◆ TASK PROMPT: Write out every record below exactly as it stands, leaving the pictures out.

*** Opening EXCERPTED RECORDS ***

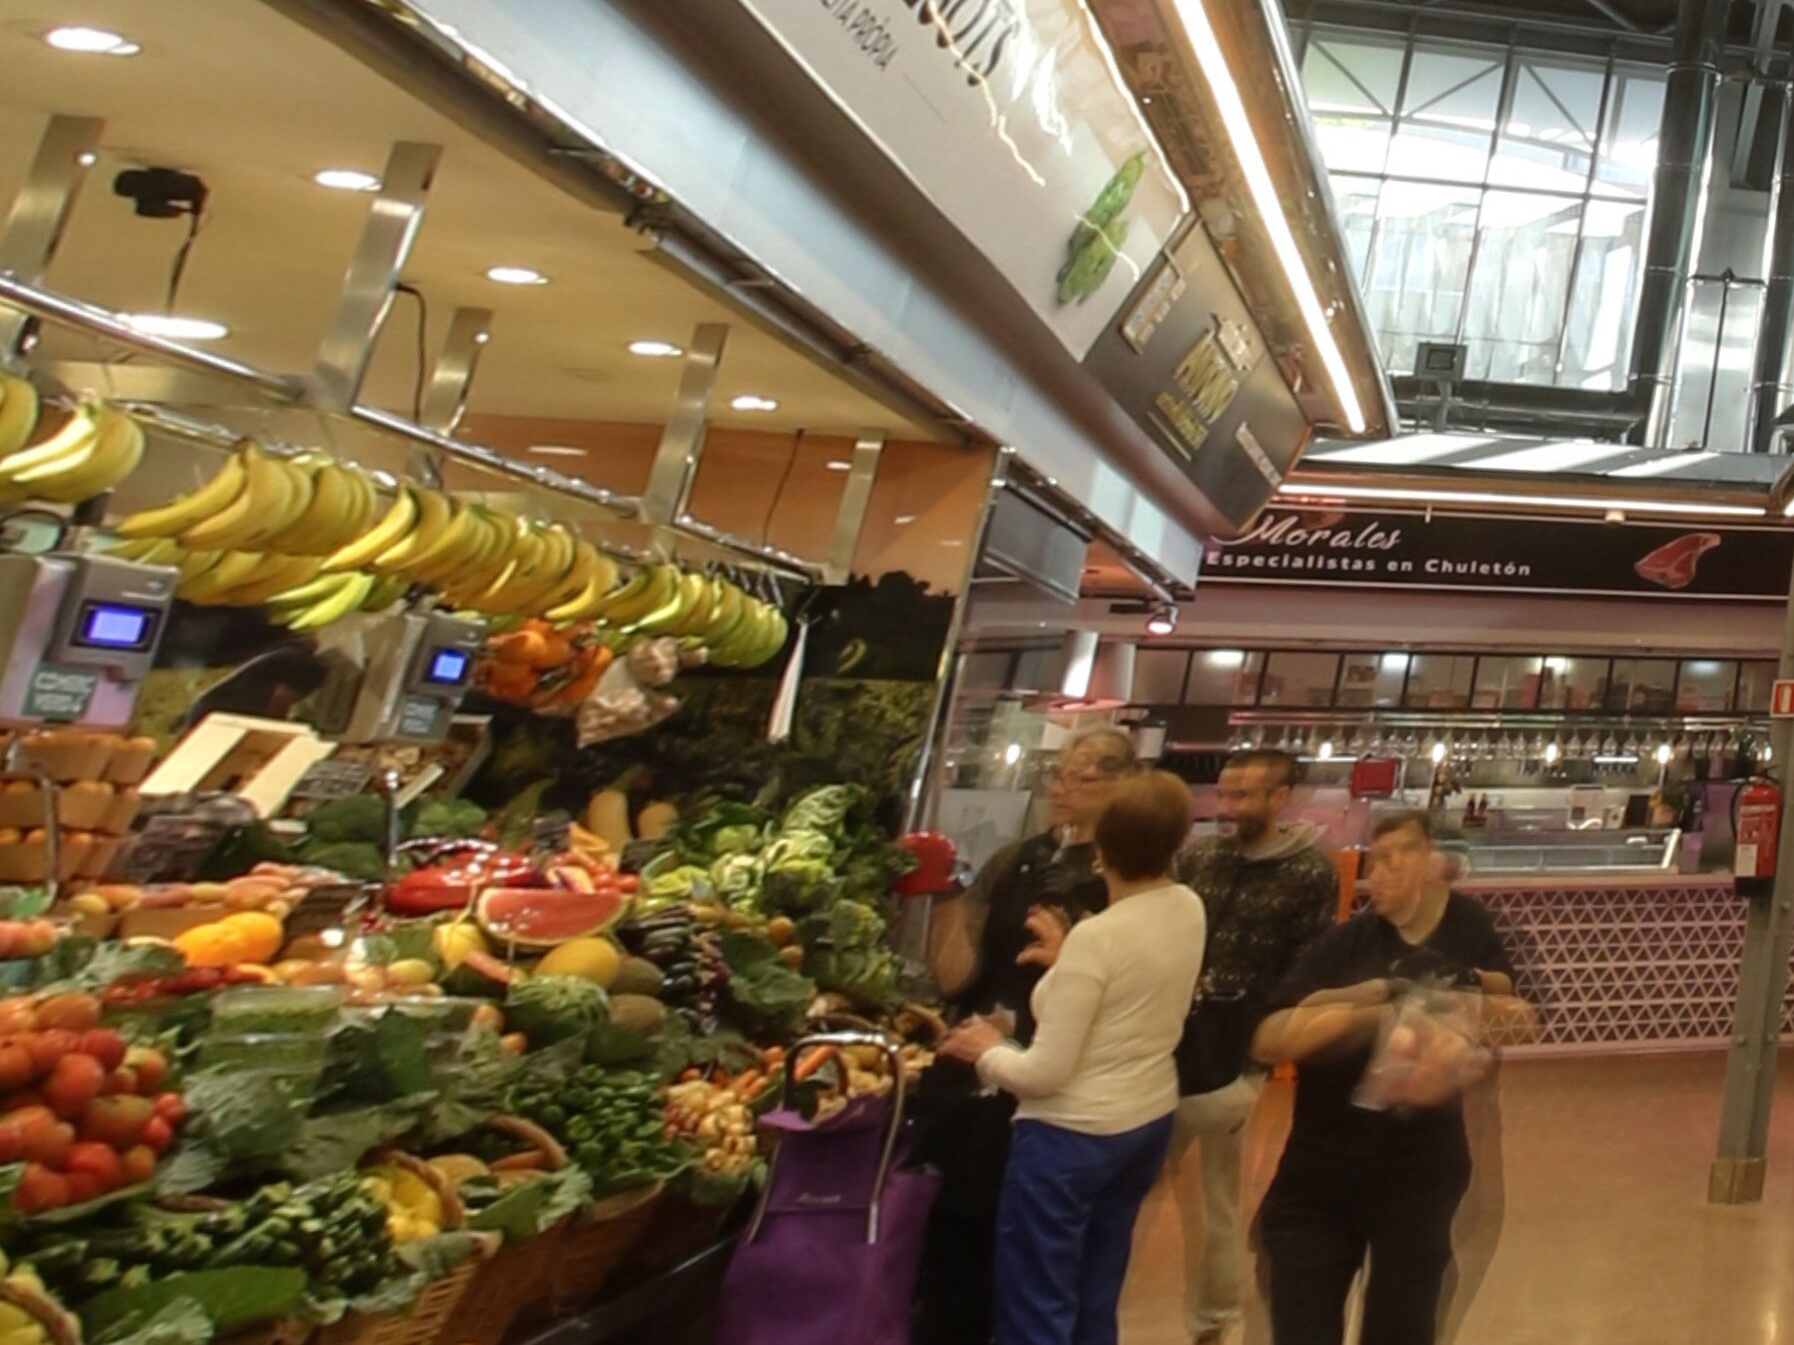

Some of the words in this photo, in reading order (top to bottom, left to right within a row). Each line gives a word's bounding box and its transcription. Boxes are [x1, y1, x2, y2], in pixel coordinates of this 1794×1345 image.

[1210, 514, 1401, 550] Morales
[1206, 551, 1376, 572] Especialistas
[1387, 560, 1413, 573] en
[1424, 557, 1532, 577] Chuletón

*** Closing EXCERPTED RECORDS ***

◆ EXERCISE RESULT:
Some of the words in this photo, in reading order (top to bottom, left to right within a row). Each line gives a word's bounding box and its transcription. Boxes are [x1, y1, x2, y2], in pixel coordinates of this 1794×1345 image.

[1210, 514, 1401, 550] Morales
[1206, 551, 1376, 572] Especialistas
[1387, 560, 1413, 573] en
[1424, 557, 1532, 577] Chuletón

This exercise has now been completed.